_Dataset:_
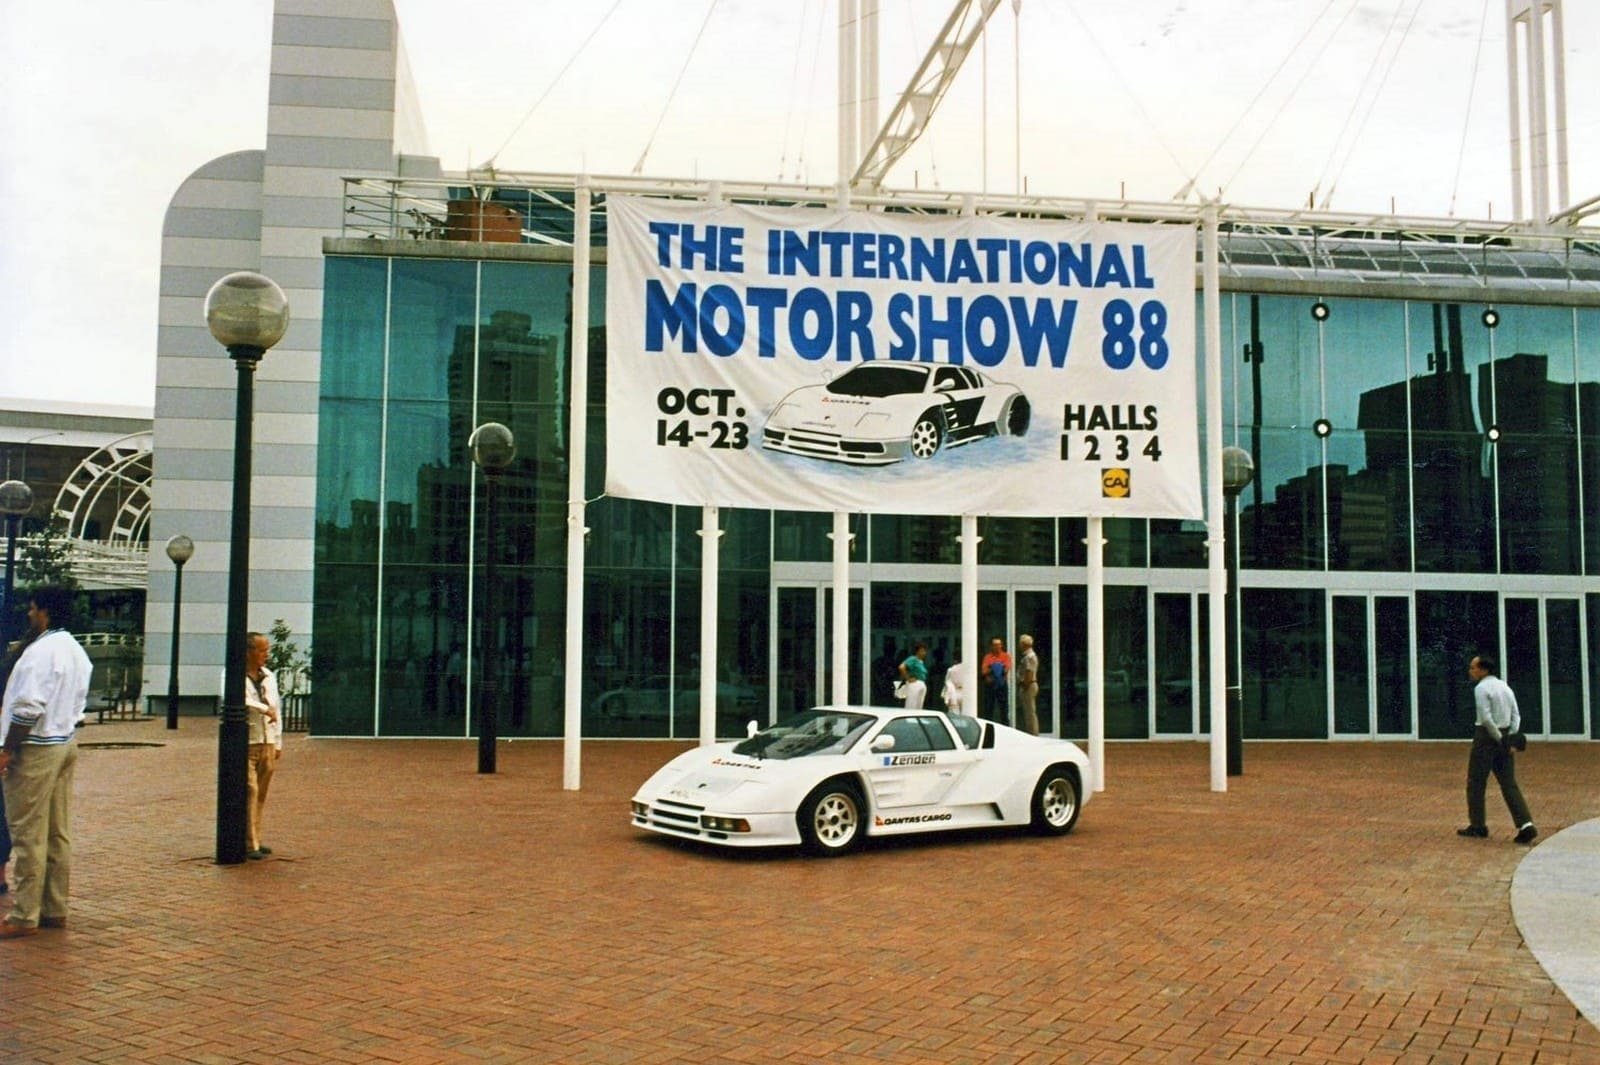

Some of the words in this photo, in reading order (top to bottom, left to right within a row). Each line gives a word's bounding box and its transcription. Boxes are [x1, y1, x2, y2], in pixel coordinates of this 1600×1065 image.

[651, 222, 744, 275] THE
[767, 230, 1155, 289] INTERNATIONAL
[645, 281, 876, 363] MOTOR
[887, 293, 1078, 369] SHOW
[1102, 298, 1169, 370] 88
[657, 387, 746, 417] OCT.
[1064, 404, 1158, 431] HALLS
[657, 419, 749, 450] 14-23
[1061, 434, 1069, 461] 1
[1084, 435, 1101, 461] 2
[1115, 434, 1129, 462] 3
[1142, 435, 1162, 462] 4
[921, 813, 952, 822] CARGO

_Instructions for the task:_ Would you please restate the records word for word, excluding any images?

_Solution:_
Some of the words in this photo, in reading order (top to bottom, left to right within a row). Each line gives a word's bounding box and its transcription. Boxes are [x1, y1, x2, y2], in pixel coordinates of this 1600×1065 image.

[651, 222, 744, 275] THE
[767, 230, 1155, 289] INTERNATIONAL
[645, 281, 876, 363] MOTOR
[887, 293, 1078, 369] SHOW
[1102, 298, 1169, 370] 88
[657, 387, 746, 417] OCT.
[1064, 404, 1158, 431] HALLS
[657, 419, 749, 450] 14-23
[1061, 434, 1069, 461] 1
[1084, 435, 1101, 461] 2
[1115, 434, 1129, 462] 3
[1142, 435, 1162, 462] 4
[921, 813, 952, 822] CARGO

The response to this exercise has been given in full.